Aim of the task:
With pictures left out, only the lines from the one containing "this 1201×1600 image." through the end of the records should be reproduced exactly, please.

Source material:
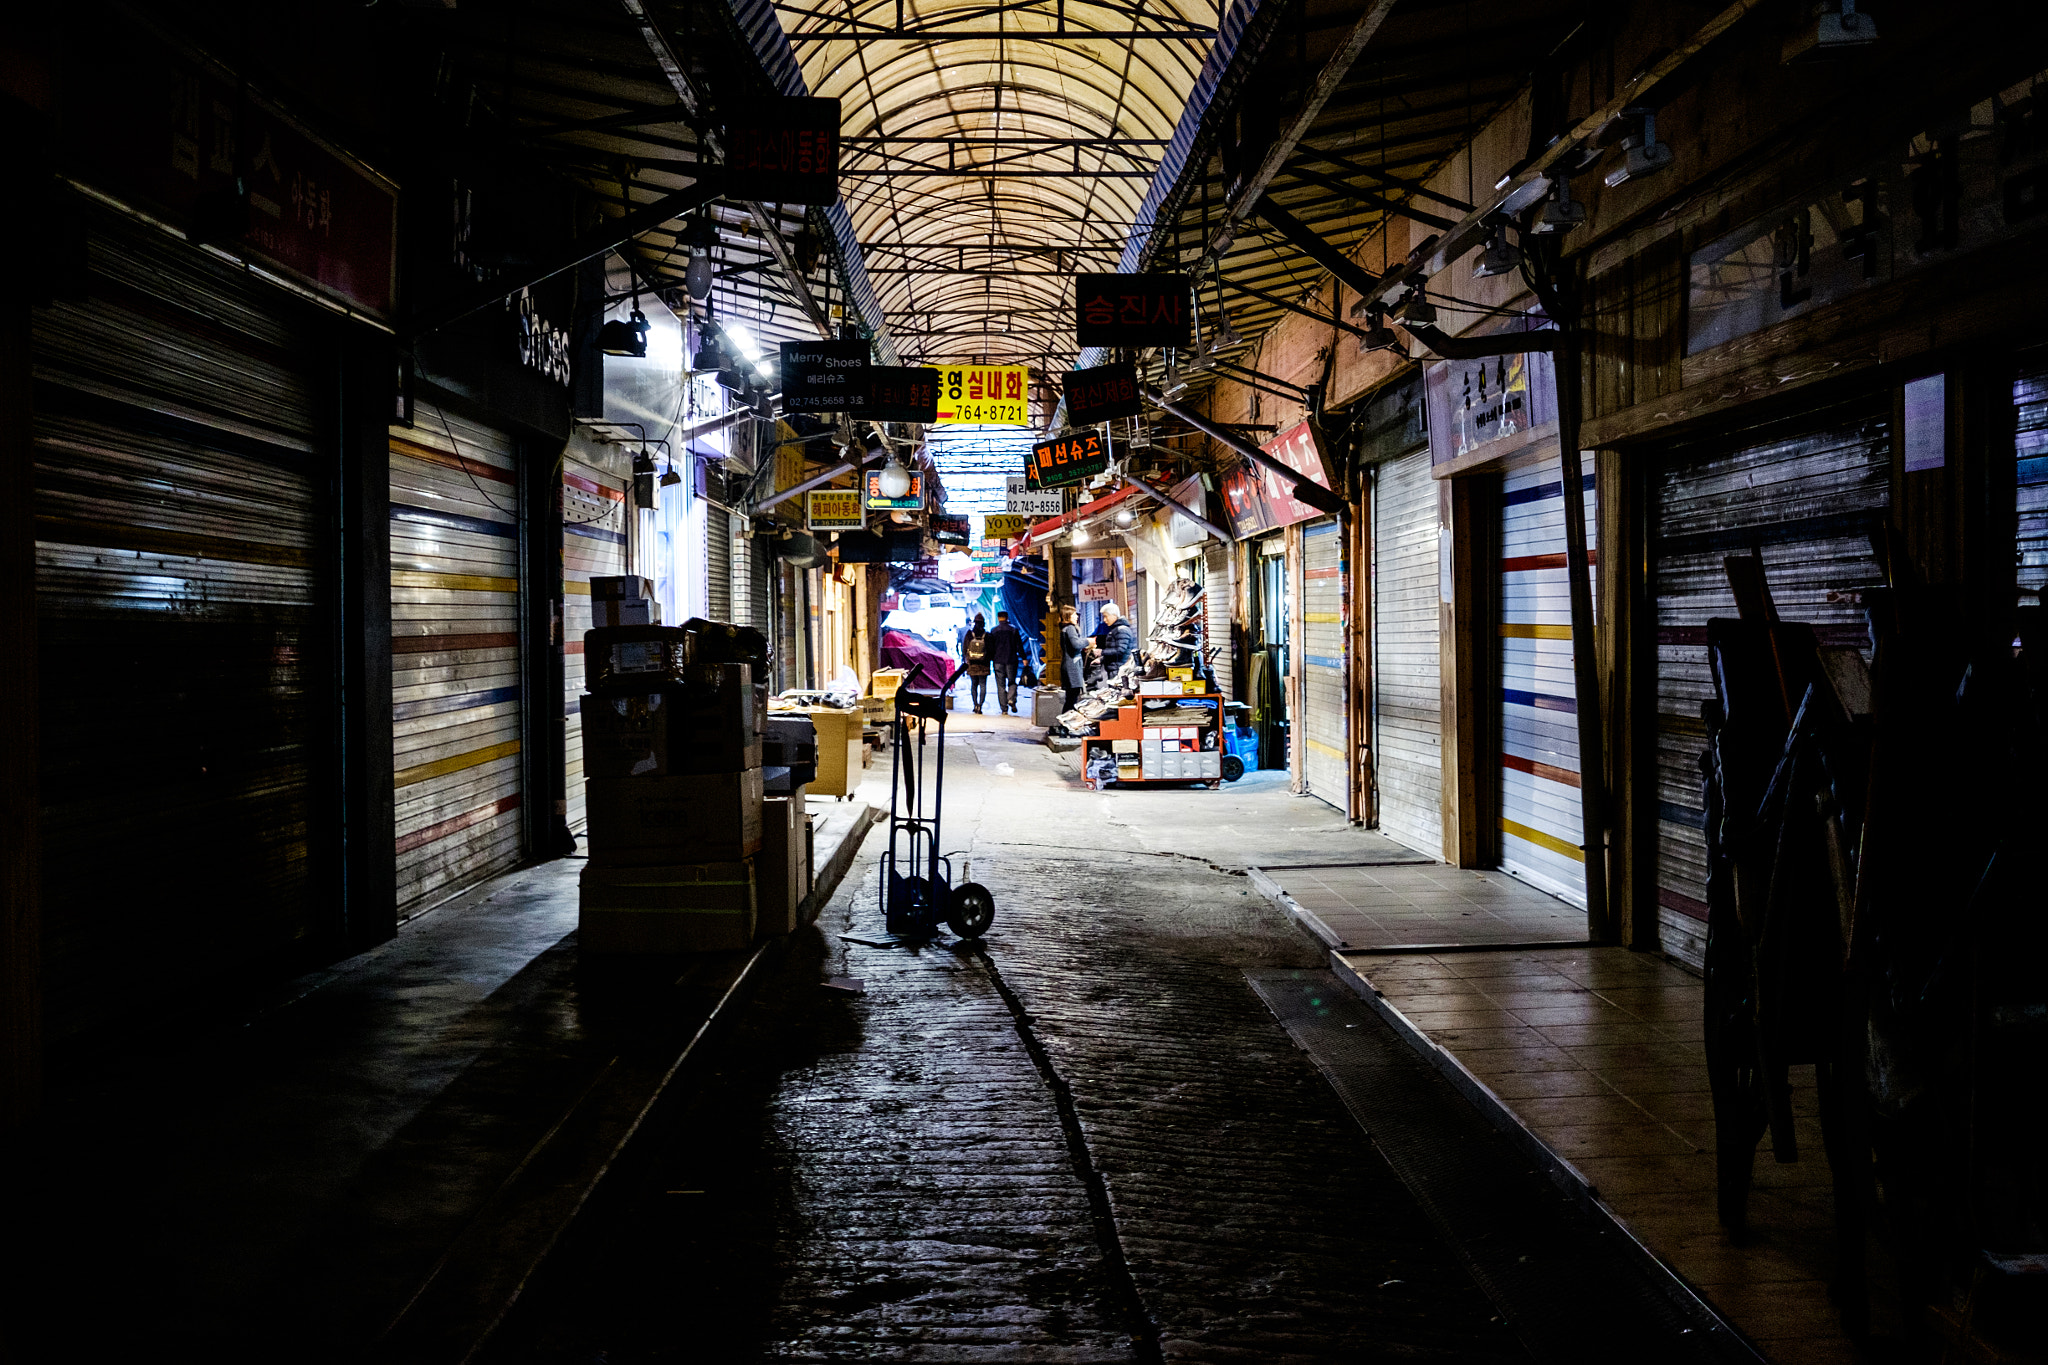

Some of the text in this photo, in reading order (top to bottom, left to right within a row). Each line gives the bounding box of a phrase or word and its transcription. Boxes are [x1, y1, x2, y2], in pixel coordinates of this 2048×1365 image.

[1084, 294, 1183, 326] 승진사
[518, 285, 571, 388] Shoes
[789, 352, 862, 368] Merry Shoes
[956, 405, 1022, 420] 764-8721
[1007, 500, 1060, 513] 02.743-8556
[987, 516, 1021, 529] YO YO
[1083, 586, 1109, 597] 바다
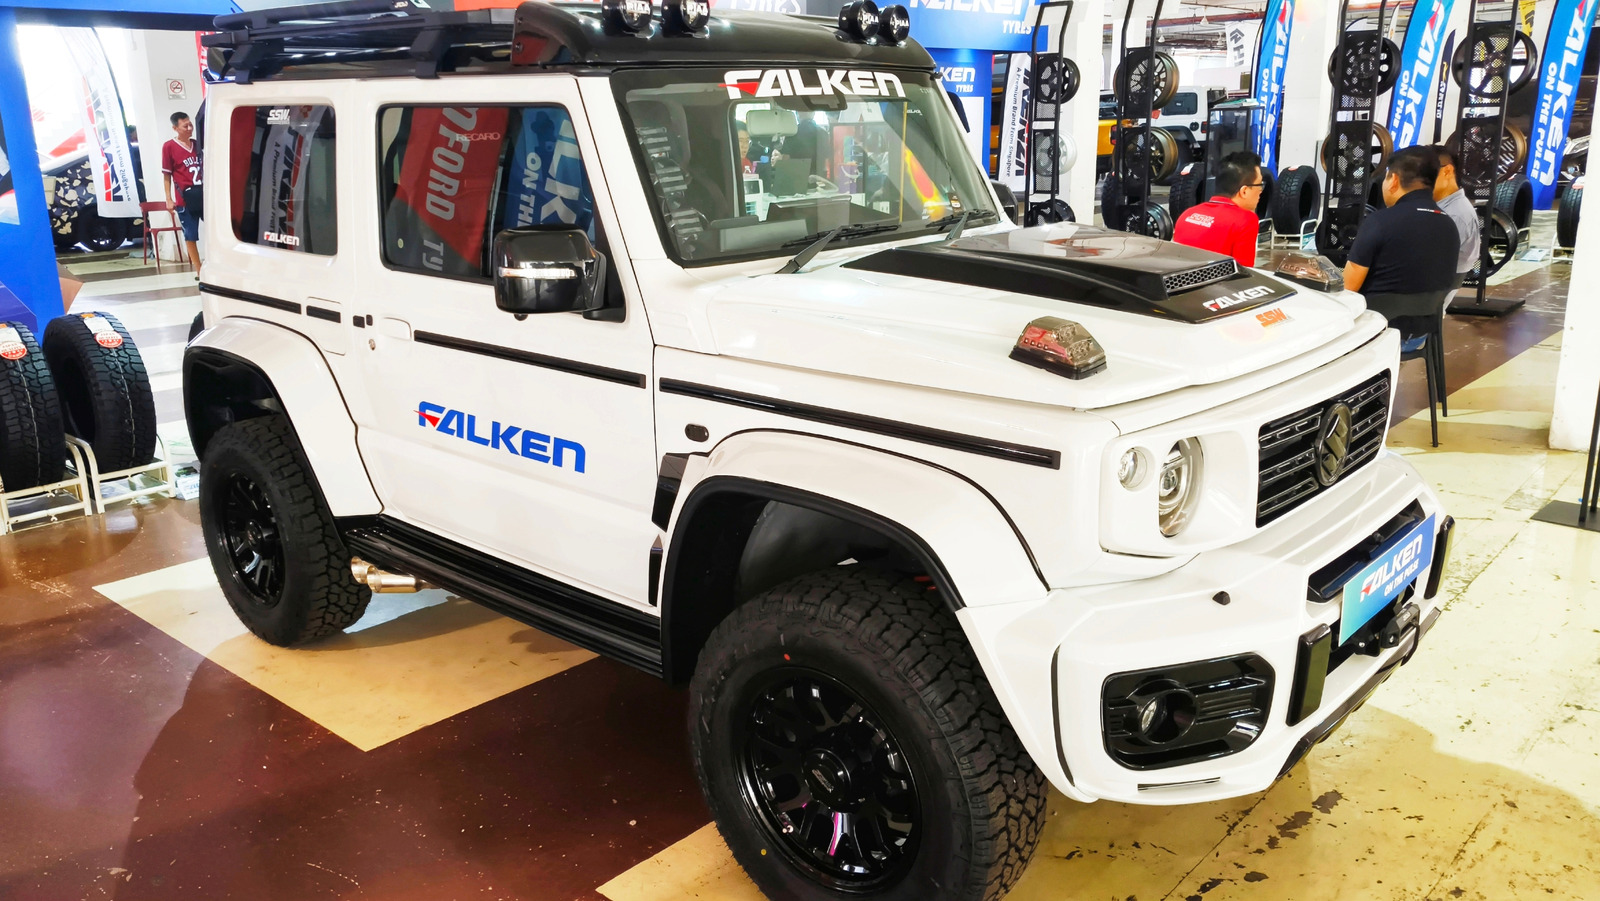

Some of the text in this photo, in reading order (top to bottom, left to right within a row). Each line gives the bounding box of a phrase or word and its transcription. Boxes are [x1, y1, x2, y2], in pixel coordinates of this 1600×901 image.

[719, 69, 906, 99] FALKEN
[1399, 70, 1410, 97] ON
[1010, 105, 1018, 127] Brand
[1392, 99, 1405, 129] THE
[1530, 62, 1558, 180] ON THE PULSE
[455, 132, 501, 142] RECARO
[522, 152, 542, 188] ON
[264, 231, 300, 246] FALKEN
[1202, 285, 1275, 312] FALKEN
[1255, 307, 1288, 328] SSW
[414, 400, 586, 474] FALKEN
[1360, 534, 1423, 603] FALKEN
[1384, 558, 1420, 597] ON THE PULSE
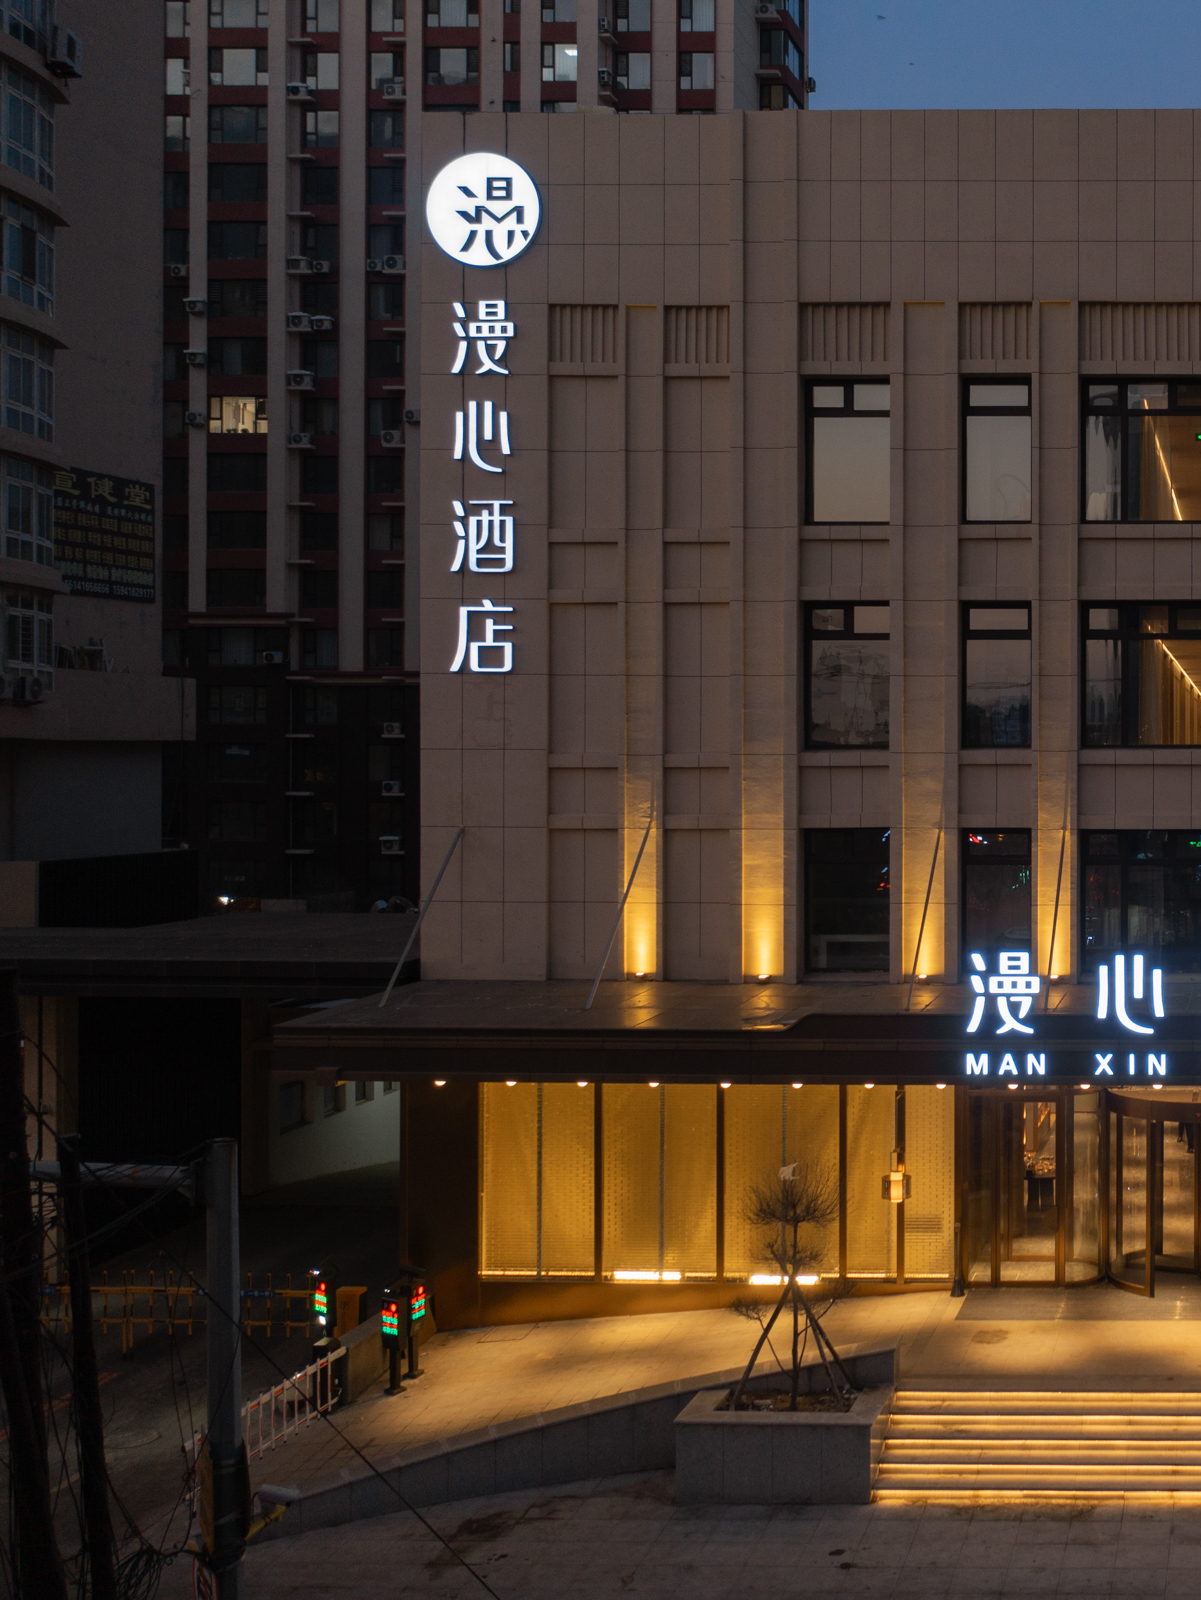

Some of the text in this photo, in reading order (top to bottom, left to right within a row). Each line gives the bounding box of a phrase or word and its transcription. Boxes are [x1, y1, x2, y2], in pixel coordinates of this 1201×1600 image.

[449, 299, 515, 673] 漫心酒店
[965, 1053, 1046, 1076] MAN
[1094, 1053, 1167, 1076] XIN
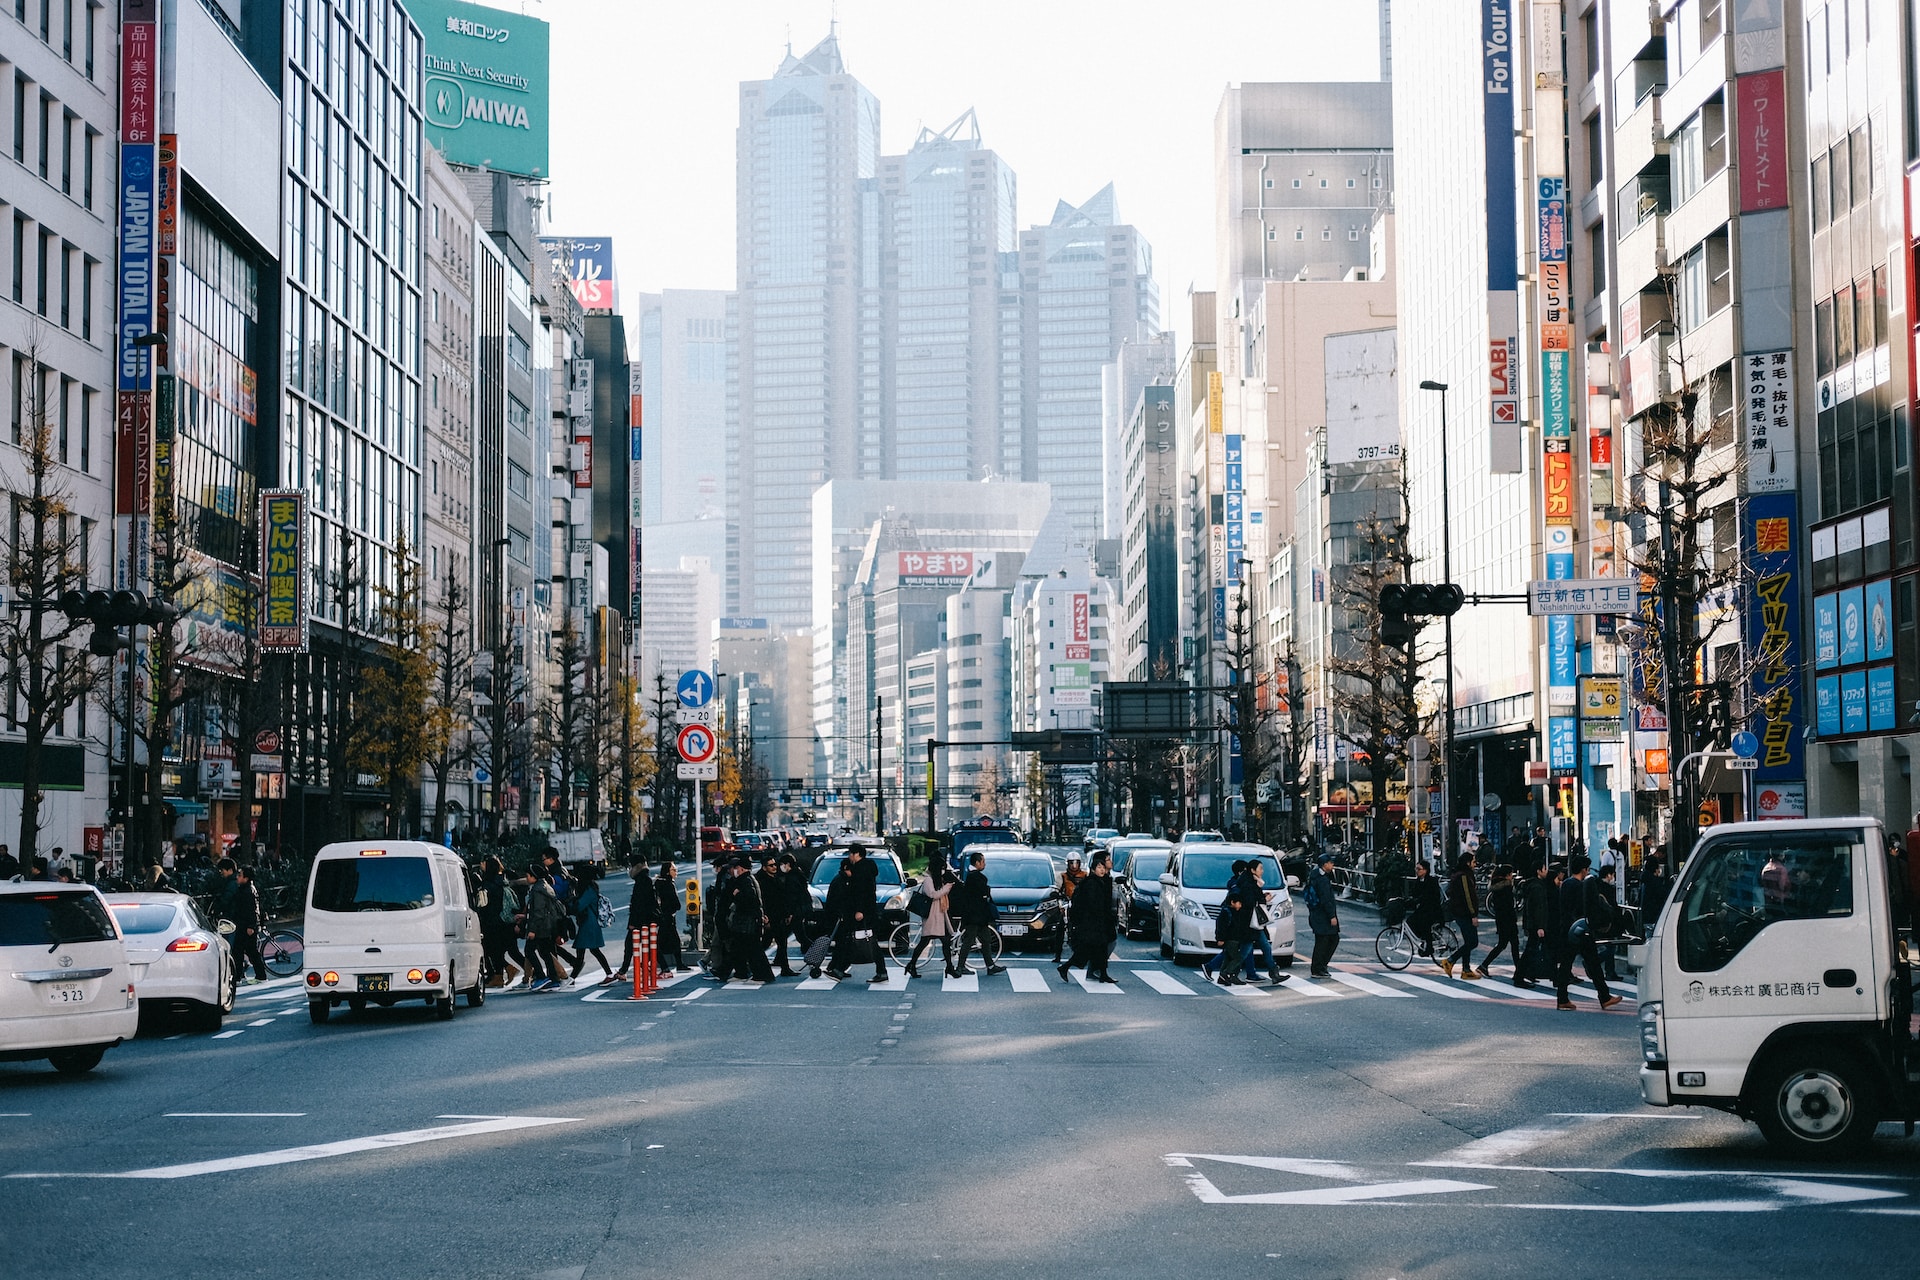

Written response:
Some of the text in this photo, in reading order (top to bottom, left to right within a row). Each line gives the bounding box of a phrase or word and its transcription. Boxes are [x1, y1, x2, y2], in pixel coordinates of this 1201×1600 image.

[449, 299, 515, 673] 漫心酒店
[965, 1053, 1046, 1076] MAN
[1094, 1053, 1167, 1076] XIN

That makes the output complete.